This may work with most development tools.
[omitted: preprocessor tricks for avoiding various errors]
One possible problem here is that a compiler is free to assume
that all "const" objects are stored in a read-only segment, which
might for instance be based off the $24 register, while all
non-"const" objects are stored in a read/write area based off
the $25 register. Then:
/* foo.c */
extern const int var;
int retrieve(void) { return var; }
would compile to something like:
retrieve:
ld 400($24), $v0
ret
while:
/* bar.c */
int var = 42;
void set(int newval) { var = newval; }
would compile instead to:
set:
st $a0, 400($25)
ret
The linker makes sure to put the same offset (here, 400) into both
sections of code. Unfortunately, $24 points to 0x0001004080002000
(the pages where read-only data live; these are shared between all
running instances of the program), while $25 points to 0x000700408ca04000
(where read/write data for this particular instance of the program
live). So calling set() never changes the value returned from
retrieve(), which is not even 42 initially.

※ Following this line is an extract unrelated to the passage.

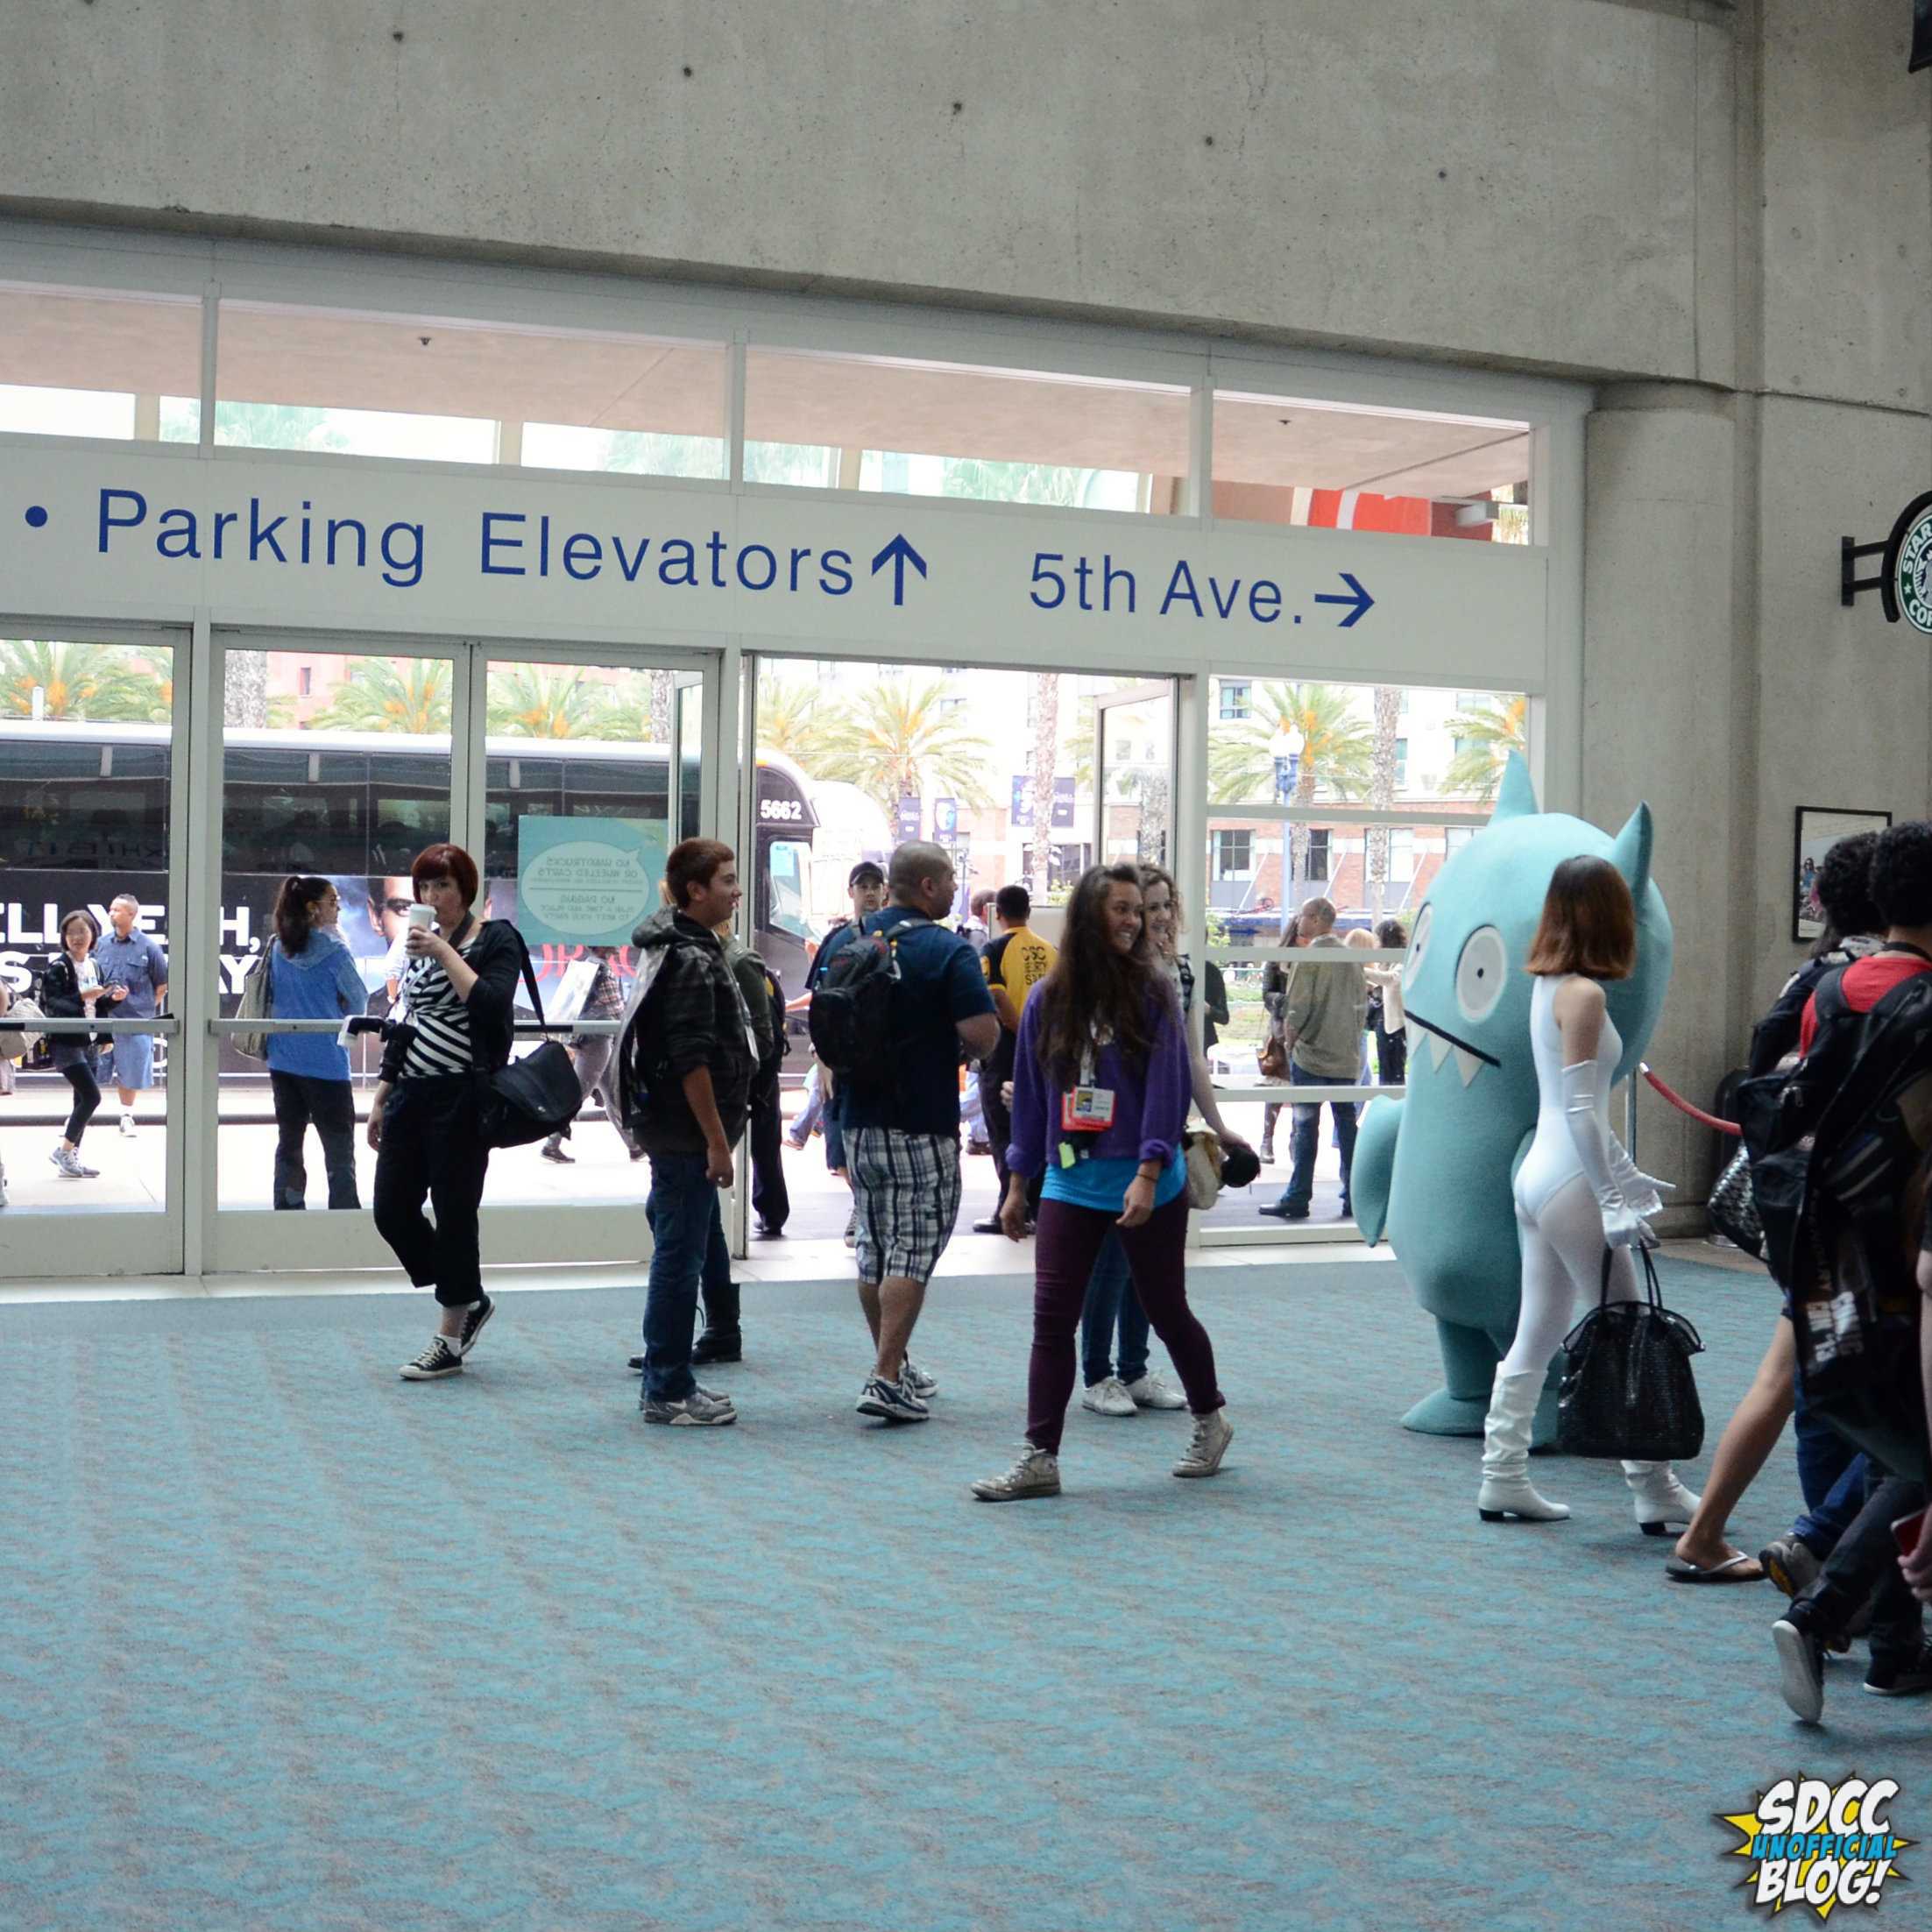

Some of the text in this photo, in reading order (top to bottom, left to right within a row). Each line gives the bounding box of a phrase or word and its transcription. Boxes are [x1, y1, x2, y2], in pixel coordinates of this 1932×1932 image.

[99, 489, 853, 597] Parking Elevators
[1031, 552, 1301, 624] 5th Ave.
[0, 902, 61, 944] LL

Practically speaking, this problem is rare. More commonly (but
equally surprising), programs that use a "small data segment" (on
systems that support such) misbehave if an array size is specified
differently in one module from another:
/* foo.c */
extern int arr[1];
... code using arr
...
/* bar.c */
int arr[400];
When compiling foo.c, the compiler sees that the array "arr" is
small enough to place it in .sdata; but when compiling bar.c, it
sees that the array is large enough that it must go in .data. (The
solution, at least in C, is to omit the size in foo.c -- this must
work no matter whether bar.c places the array in .data or .sdata,
so the implementation may have to "work hard" to get this right.)